PROBLEM DESCRIPTION: Copy out every record that follows, word for word.

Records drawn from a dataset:
----

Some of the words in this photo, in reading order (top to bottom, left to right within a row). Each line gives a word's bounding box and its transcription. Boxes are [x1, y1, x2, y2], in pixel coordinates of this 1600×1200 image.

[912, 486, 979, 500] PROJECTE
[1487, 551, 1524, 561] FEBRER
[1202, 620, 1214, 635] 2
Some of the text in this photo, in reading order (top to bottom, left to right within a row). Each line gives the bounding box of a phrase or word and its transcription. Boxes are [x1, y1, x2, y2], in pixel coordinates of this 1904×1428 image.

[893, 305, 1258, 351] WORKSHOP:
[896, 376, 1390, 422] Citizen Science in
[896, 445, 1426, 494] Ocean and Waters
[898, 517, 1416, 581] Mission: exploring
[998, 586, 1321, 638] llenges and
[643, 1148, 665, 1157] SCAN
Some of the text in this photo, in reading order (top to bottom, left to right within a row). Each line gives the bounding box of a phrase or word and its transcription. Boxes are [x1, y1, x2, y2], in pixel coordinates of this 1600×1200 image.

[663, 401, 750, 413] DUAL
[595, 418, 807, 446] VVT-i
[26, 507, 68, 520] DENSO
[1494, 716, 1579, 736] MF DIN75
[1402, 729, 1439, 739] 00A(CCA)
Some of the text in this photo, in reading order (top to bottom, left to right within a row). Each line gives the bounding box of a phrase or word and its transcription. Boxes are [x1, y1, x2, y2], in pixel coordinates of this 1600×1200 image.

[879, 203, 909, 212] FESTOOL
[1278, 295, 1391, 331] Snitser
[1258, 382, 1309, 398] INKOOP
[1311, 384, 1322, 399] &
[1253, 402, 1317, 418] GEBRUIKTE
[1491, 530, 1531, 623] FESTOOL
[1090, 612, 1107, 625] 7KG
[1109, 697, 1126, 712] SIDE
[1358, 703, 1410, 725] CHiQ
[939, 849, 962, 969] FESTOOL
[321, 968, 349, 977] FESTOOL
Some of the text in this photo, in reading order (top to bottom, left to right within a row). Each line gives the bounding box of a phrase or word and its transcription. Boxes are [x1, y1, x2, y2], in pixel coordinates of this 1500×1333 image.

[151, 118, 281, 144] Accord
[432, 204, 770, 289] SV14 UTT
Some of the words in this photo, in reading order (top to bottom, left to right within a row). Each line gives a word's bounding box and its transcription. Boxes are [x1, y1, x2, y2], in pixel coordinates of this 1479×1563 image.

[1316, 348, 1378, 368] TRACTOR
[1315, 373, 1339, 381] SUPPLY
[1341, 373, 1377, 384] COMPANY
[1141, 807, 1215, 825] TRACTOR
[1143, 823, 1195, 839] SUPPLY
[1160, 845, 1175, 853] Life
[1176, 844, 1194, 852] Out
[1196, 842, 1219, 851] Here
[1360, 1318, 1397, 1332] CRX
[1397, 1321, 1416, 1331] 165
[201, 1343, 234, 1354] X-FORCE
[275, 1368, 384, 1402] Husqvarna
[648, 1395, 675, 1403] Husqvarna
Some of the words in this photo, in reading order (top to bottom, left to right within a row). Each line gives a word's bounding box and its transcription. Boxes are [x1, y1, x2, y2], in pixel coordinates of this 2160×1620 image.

----

WRITTEN SOLUTION:
Some of the words in this photo, in reading order (top to bottom, left to right within a row). Each line gives a word's bounding box and its transcription. Boxes are [x1, y1, x2, y2], in pixel coordinates of this 1600×1200 image.

[912, 486, 979, 500] PROJECTE
[1487, 551, 1524, 561] FEBRER
[1202, 620, 1214, 635] 2
Some of the text in this photo, in reading order (top to bottom, left to right within a row). Each line gives the bounding box of a phrase or word and its transcription. Boxes are [x1, y1, x2, y2], in pixel coordinates of this 1904×1428 image.

[893, 305, 1258, 351] WORKSHOP:
[896, 376, 1390, 422] Citizen Science in
[896, 445, 1426, 494] Ocean and Waters
[898, 517, 1416, 581] Mission: exploring
[998, 586, 1321, 638] llenges and
[643, 1148, 665, 1157] SCAN
Some of the text in this photo, in reading order (top to bottom, left to right within a row). Each line gives the bounding box of a phrase or word and its transcription. Boxes are [x1, y1, x2, y2], in pixel coordinates of this 1600×1200 image.

[663, 401, 750, 413] DUAL
[595, 418, 807, 446] VVT-i
[26, 507, 68, 520] DENSO
[1494, 716, 1579, 736] MF DIN75
[1402, 729, 1439, 739] 00A(CCA)
Some of the text in this photo, in reading order (top to bottom, left to right within a row). Each line gives the bounding box of a phrase or word and its transcription. Boxes are [x1, y1, x2, y2], in pixel coordinates of this 1600×1200 image.

[879, 203, 909, 212] FESTOOL
[1278, 295, 1391, 331] Snitser
[1258, 382, 1309, 398] INKOOP
[1311, 384, 1322, 399] &
[1253, 402, 1317, 418] GEBRUIKTE
[1491, 530, 1531, 623] FESTOOL
[1090, 612, 1107, 625] 7KG
[1109, 697, 1126, 712] SIDE
[1358, 703, 1410, 725] CHiQ
[939, 849, 962, 969] FESTOOL
[321, 968, 349, 977] FESTOOL
Some of the text in this photo, in reading order (top to bottom, left to right within a row). Each line gives the bounding box of a phrase or word and its transcription. Boxes are [x1, y1, x2, y2], in pixel coordinates of this 1500×1333 image.

[151, 118, 281, 144] Accord
[432, 204, 770, 289] SV14 UTT
Some of the words in this photo, in reading order (top to bottom, left to right within a row). Each line gives a word's bounding box and its transcription. Boxes are [x1, y1, x2, y2], in pixel coordinates of this 1479×1563 image.

[1316, 348, 1378, 368] TRACTOR
[1315, 373, 1339, 381] SUPPLY
[1341, 373, 1377, 384] COMPANY
[1141, 807, 1215, 825] TRACTOR
[1143, 823, 1195, 839] SUPPLY
[1160, 845, 1175, 853] Life
[1176, 844, 1194, 852] Out
[1196, 842, 1219, 851] Here
[1360, 1318, 1397, 1332] CRX
[1397, 1321, 1416, 1331] 165
[201, 1343, 234, 1354] X-FORCE
[275, 1368, 384, 1402] Husqvarna
[648, 1395, 675, 1403] Husqvarna
Some of the words in this photo, in reading order (top to bottom, left to right within a row). Each line gives a word's bounding box and its transcription. Boxes are [x1, y1, x2, y2], in pixel coordinates of this 2160×1620 image.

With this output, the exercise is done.